* _Exercise brief_:
Leaving out all pictures, restate word for word the lines from the one with "Some of the words" through the last line of the entries.

* _Given data_:
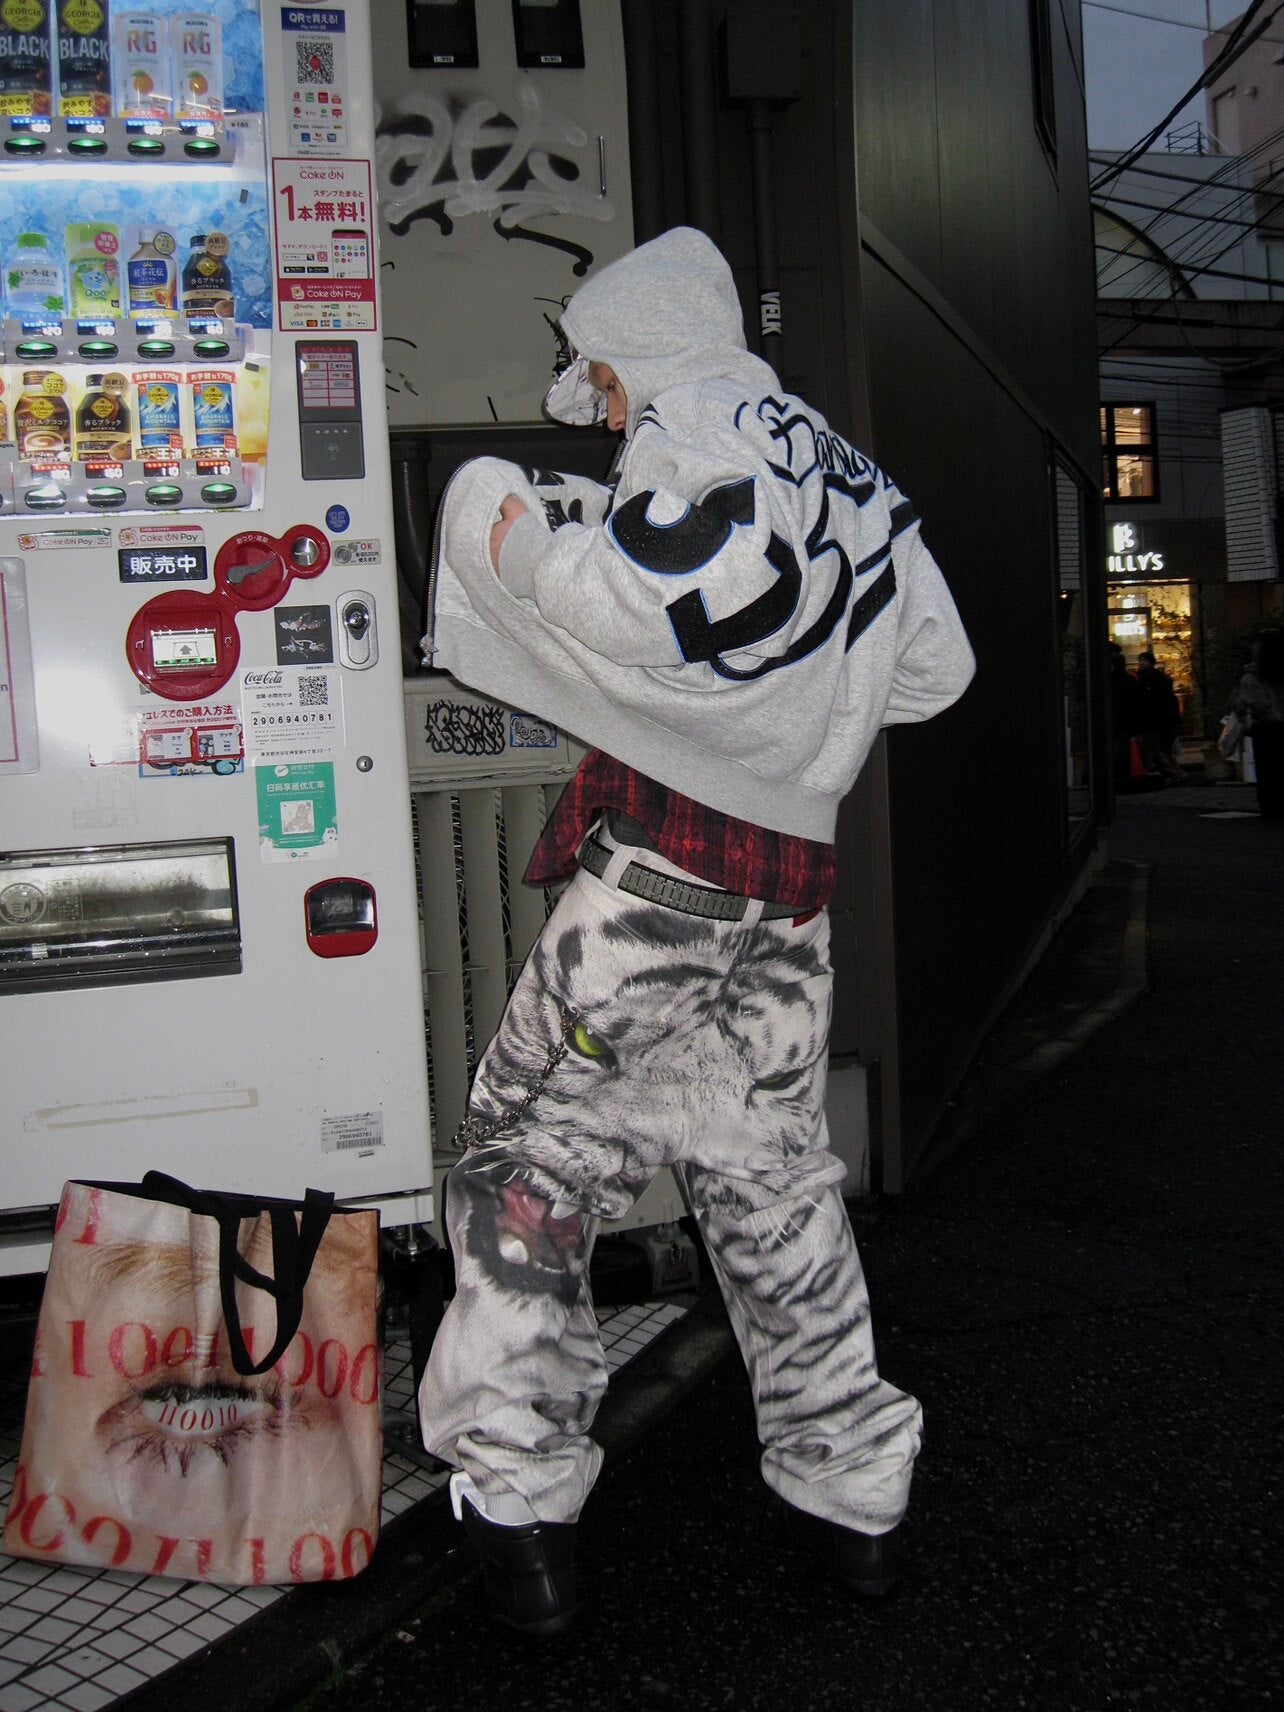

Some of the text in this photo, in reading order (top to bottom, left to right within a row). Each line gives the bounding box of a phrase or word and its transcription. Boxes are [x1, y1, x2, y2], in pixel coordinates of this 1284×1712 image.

[4, 8, 42, 17] GEORGIA
[66, 11, 102, 21] GEORGIA
[0, 35, 50, 60] BLACK
[59, 38, 110, 62] BLACK
[299, 170, 327, 181] Coke
[313, 189, 365, 199] スタンプたまると
[84, 288, 108, 298] Qoo
[306, 289, 329, 299] Coke
[345, 290, 363, 301] Pay
[139, 533, 164, 546] Coke
[180, 531, 198, 546] Pay
[360, 543, 374, 551] OK
[130, 554, 198, 576] 販売中
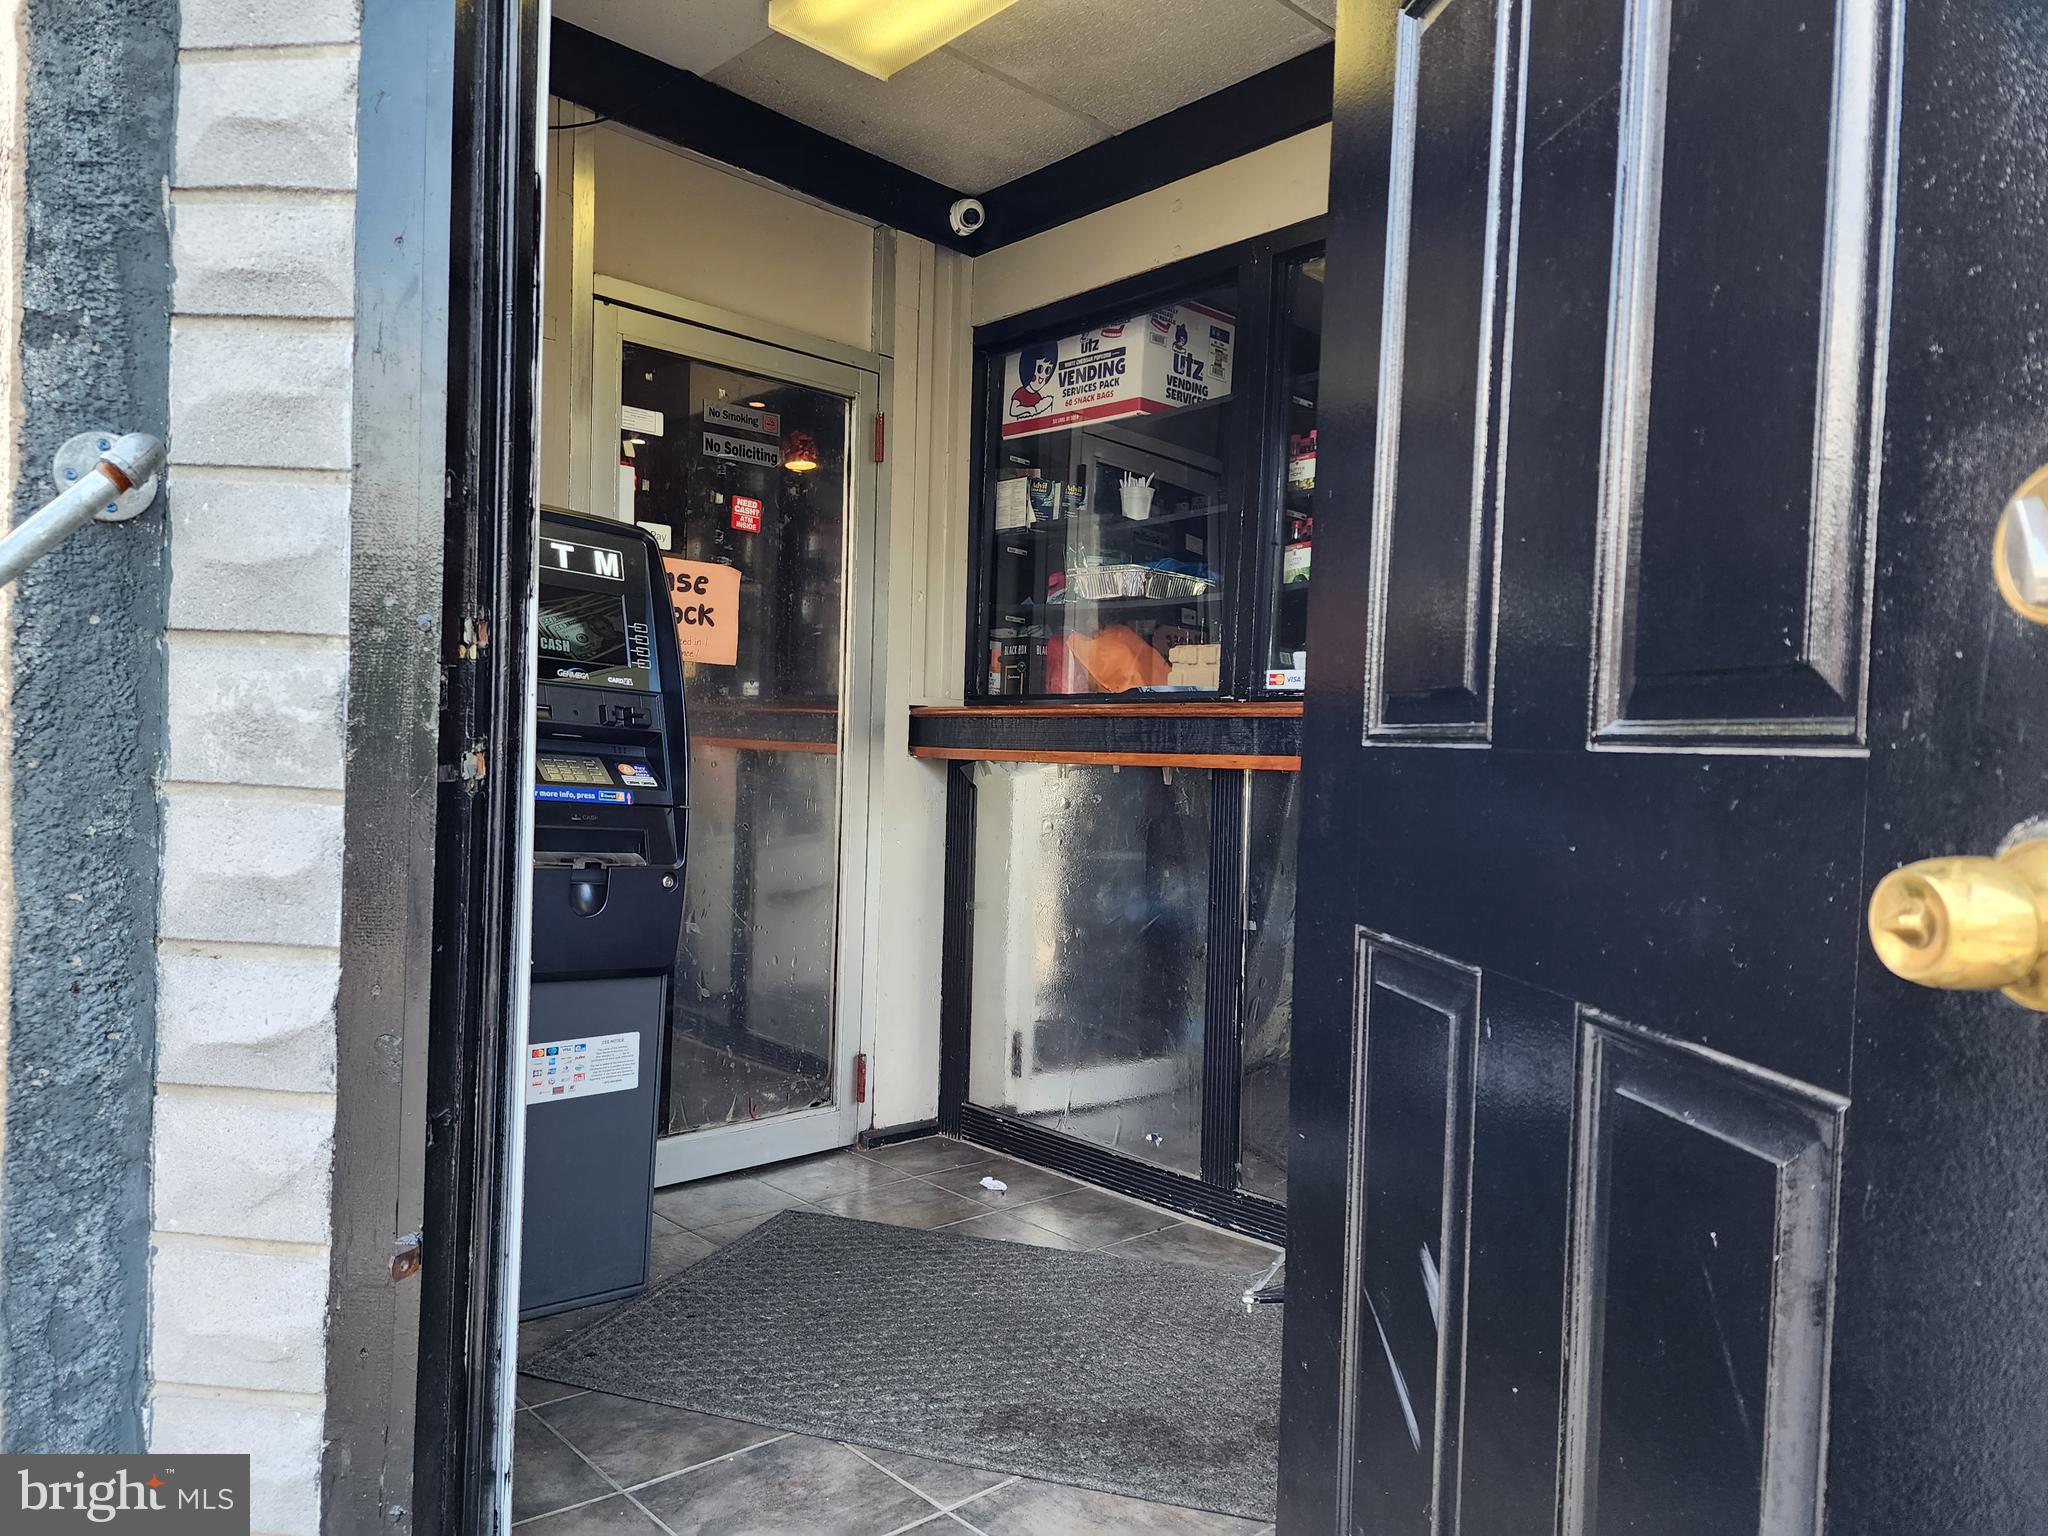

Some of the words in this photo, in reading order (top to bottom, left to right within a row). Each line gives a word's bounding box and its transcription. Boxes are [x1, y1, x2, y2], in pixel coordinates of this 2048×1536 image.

[1058, 358, 1126, 388] VENDING
[1062, 382, 1097, 398] SERVICES
[1100, 377, 1120, 390] PACK
[1166, 374, 1209, 397] VENDING
[1074, 394, 1095, 406] SNACK
[1097, 390, 1114, 398] BAGS
[708, 406, 721, 418] No
[722, 409, 759, 428] Smoking
[705, 437, 721, 453] No
[724, 441, 778, 467] Soliciting
[734, 505, 760, 517] CASH?
[736, 498, 758, 509] NEED
[735, 521, 757, 531] INSIDE
[740, 516, 754, 524] ATM
[550, 542, 620, 578] TM
[673, 603, 715, 627] ock
[540, 637, 571, 653] CASH
[1004, 645, 1018, 656] BLACK
[1018, 645, 1028, 655] BOX
[560, 790, 576, 799] info,
[576, 792, 596, 800] press
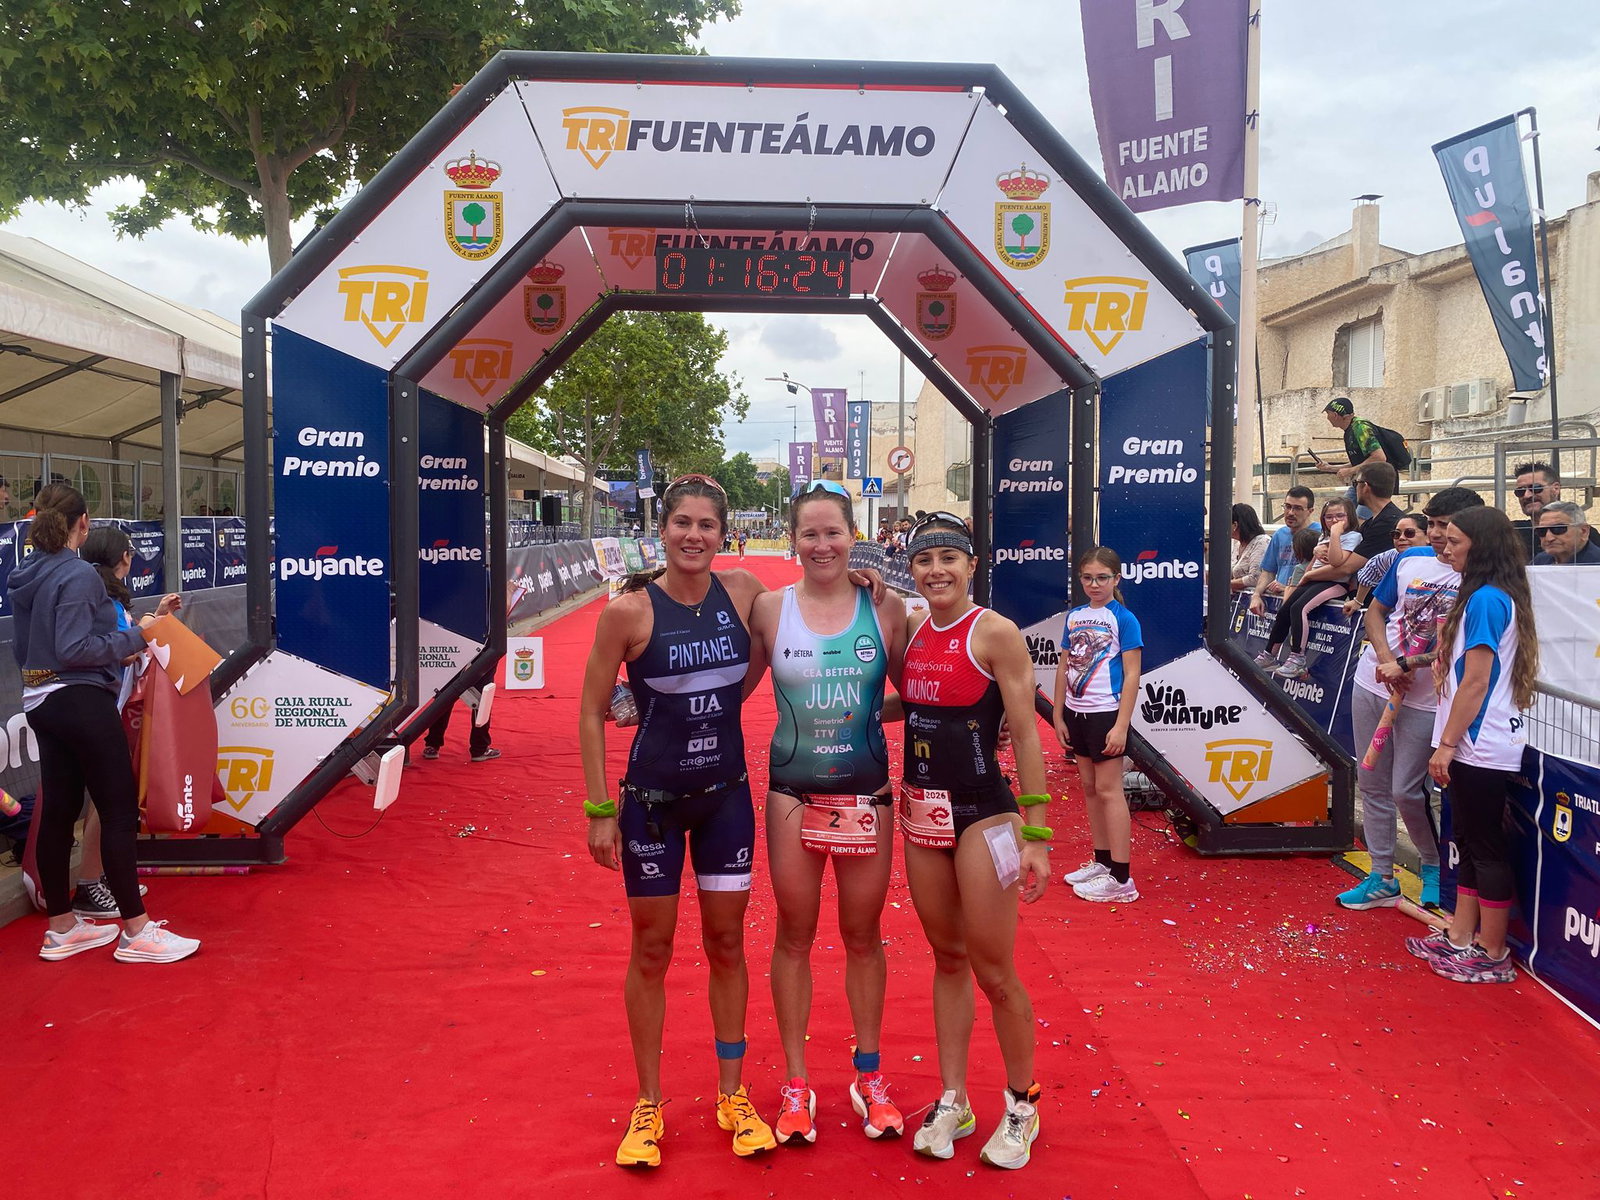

* _Answer below_:
Some of the words in this photo, in reading order (top to bottom, left to right within a row). Each line gives a word's bounding box and its transcription. Boxes are [x1, y1, x2, y2], in pixel coordinates of this 2048×1536 image.

[1058, 358, 1126, 388] VENDING
[1062, 382, 1097, 398] SERVICES
[1100, 377, 1120, 390] PACK
[1166, 374, 1209, 397] VENDING
[1074, 394, 1095, 406] SNACK
[1097, 390, 1114, 398] BAGS
[708, 406, 721, 418] No
[722, 409, 759, 428] Smoking
[705, 437, 721, 453] No
[724, 441, 778, 467] Soliciting
[734, 505, 760, 517] CASH?
[736, 498, 758, 509] NEED
[735, 521, 757, 531] INSIDE
[740, 516, 754, 524] ATM
[550, 542, 620, 578] TM
[673, 603, 715, 627] ock
[540, 637, 571, 653] CASH
[1004, 645, 1018, 656] BLACK
[1018, 645, 1028, 655] BOX
[560, 790, 576, 799] info,
[576, 792, 596, 800] press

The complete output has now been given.